Es braucht dafür zunächst eine Bereitschaft. Die Hirnforschung weiß das schon lange: Ohne die aktive, innere Beteiligung wird das nichts. Es kommen durchaus wertvolle Bildungsinhalte in der Schule vor, zum Beispiel wird Goethes »Faust« oder die »Weiße Rose« behandelt. Ich habe in der 11. Klasse »Unterm Rad« von Hesse gelesen. Wenn nur die Hälfte der jungen Menschen diese Literatur und diese Themen verinnerlichen würde, dann müsste unsere Gesellschaft ganz anders aussehen. Der Zwang führt aber nicht zum Ziel.

Was ich als Grundbildung in der Schule erlebe, ist eine unglaubliche Vereinheitlichung. Denn eigentlich sind doch ganz andere Fähigkeiten gefragt, um ein erfülltes Leben zu führen. Dafür braucht es Empathie, Mut, Vertrauen, Engagement, Kreativität, Resilienz, Selbstvertrauen und Beweglichkeit. Ich forsche daran, wie Bildungslandschaften aussehen müssten, die eine Entwicklung dieser Fähigkeiten unterstützen.

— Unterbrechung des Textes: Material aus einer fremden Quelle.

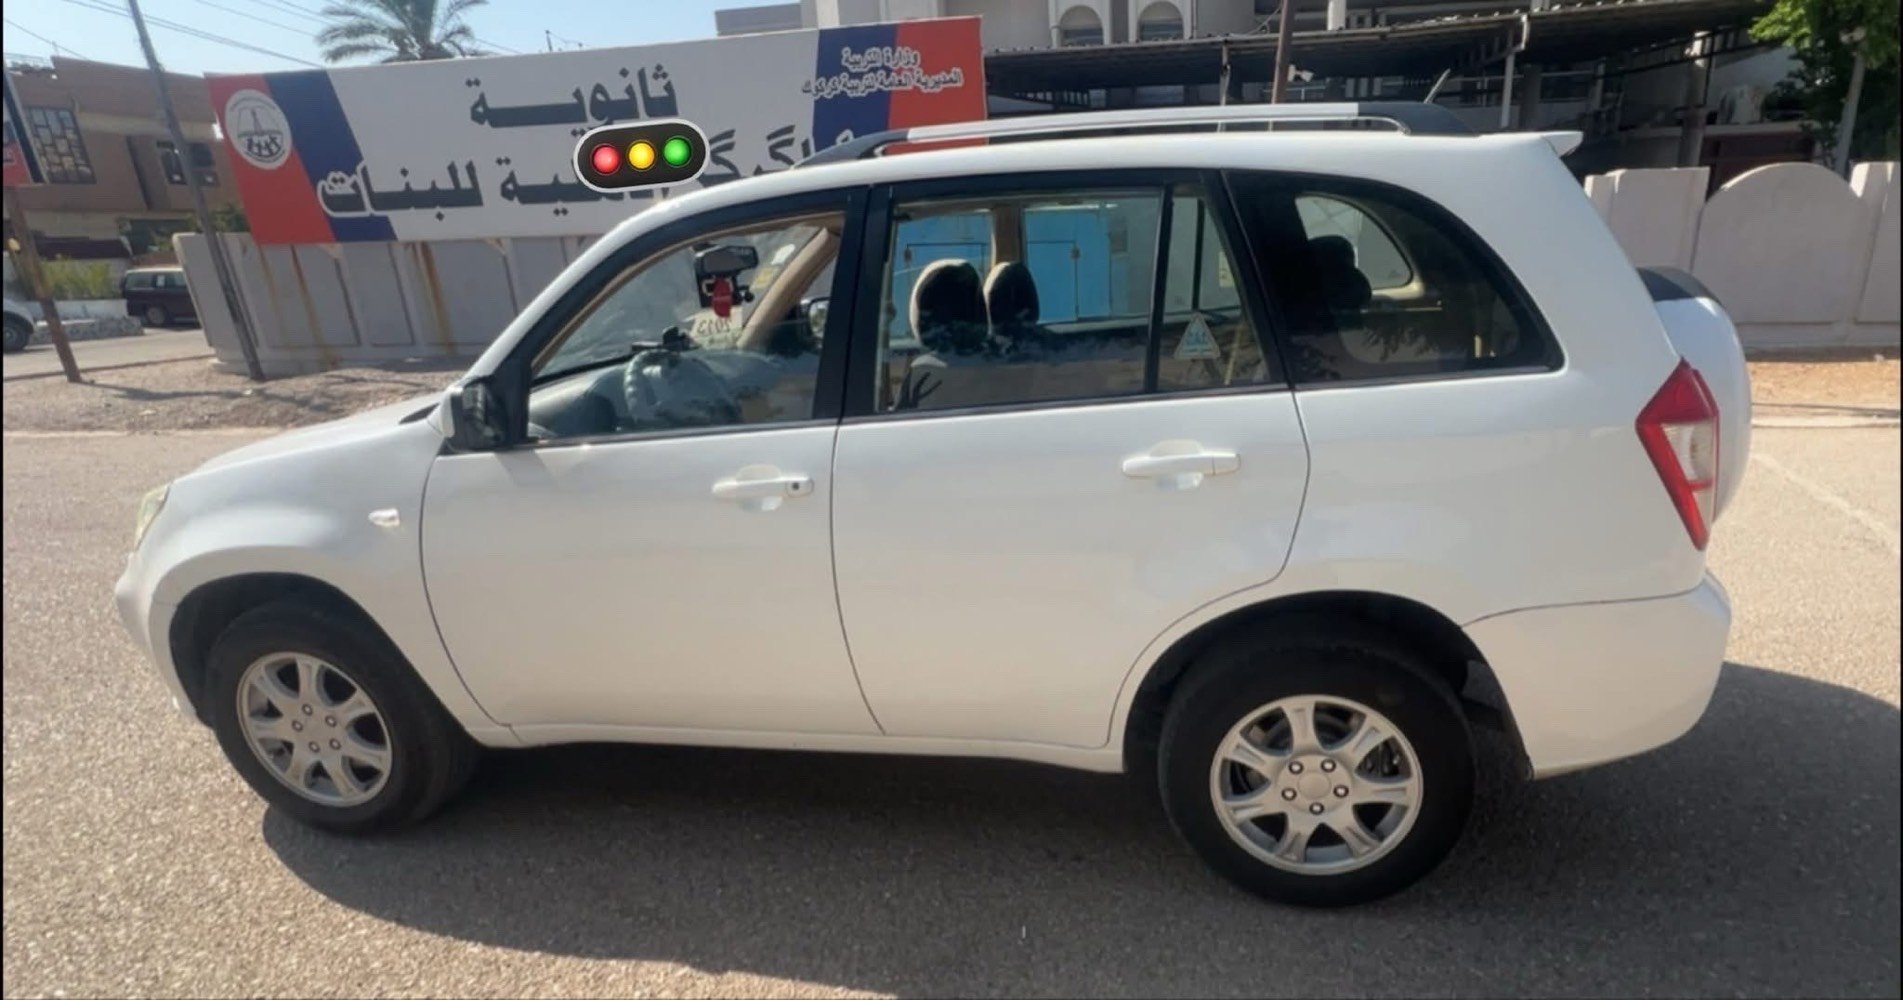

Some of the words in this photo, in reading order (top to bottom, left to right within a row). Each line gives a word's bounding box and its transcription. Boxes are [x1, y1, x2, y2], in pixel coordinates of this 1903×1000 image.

Das frage ich mich auch. Wie kann eine Utopie von frei lernenden Menschen nicht nur für einzelne in der Nische gelebt werden, sondern gesellschaftlich relevant werden?

Als konsequenter Autodidakt lehne ich Schulpflicht ab. Und wenn die aufgehoben wäre, könnten Menschen nach Wegen suchen, wie es anders gehen könnte. In dem Film »Caraba« haben wir das versucht. Eine wesentliche Inspiration dafür war das Grundlagenwerk »Entschulung der Gesellschaft« von Ivan Illich aus den 60er Jahren. Er zeigt umfangreiche Möglichkeiten für eine Gesellschaft ohne Schulen auf.

Nun laufen in Deutschland die Schulen langsam wieder an, wenn auch mit begrenzten Zeiten. Mir scheint, dass viele Schüler sich darauf freuen, ihre Freunde wiederzutreffen. Nur befürchte ich, dass diese Stimmung nicht lange anhalten wird. Nicht zuletzt, weil die Abstandsregelungen eine Distanz schaffen und nicht unbedingt ein Lernen fördern, wie es Spaß macht und wie ich es mir wünschte: Dass Schüler nämlich individuelle Anleitungen nach dem Motto bekommen: »Hilf mir, es selbst zu tun« - und zwar ohne nervigen Leistungsdruck.

Ich hoffe, dass die Coronakrise trotz all den lebensfeindlichen Maßnahmen, dem einen oder anderen jungen Menschen zeigt, dass Lernen auch ohne Schule geht. Viele merken ja intuitiv, dass die schulischen Leistungen total weltfremd sind und der ständige Druck lähmend wirkt. Aber ich merke auch, dass viele nicht mehr einfach so artig mitmachen. Das ist meine größte Hoffnung, dass wie bei »Fridays for Future«, die jungen Menschen aktiv werden und sich neben dem Umweltschutz auch für nachhaltige Bildung einsetzen, - das heißt für mich, sich selbst ernst zu nehmen und Räume für seelische Entfaltung zu kreieren.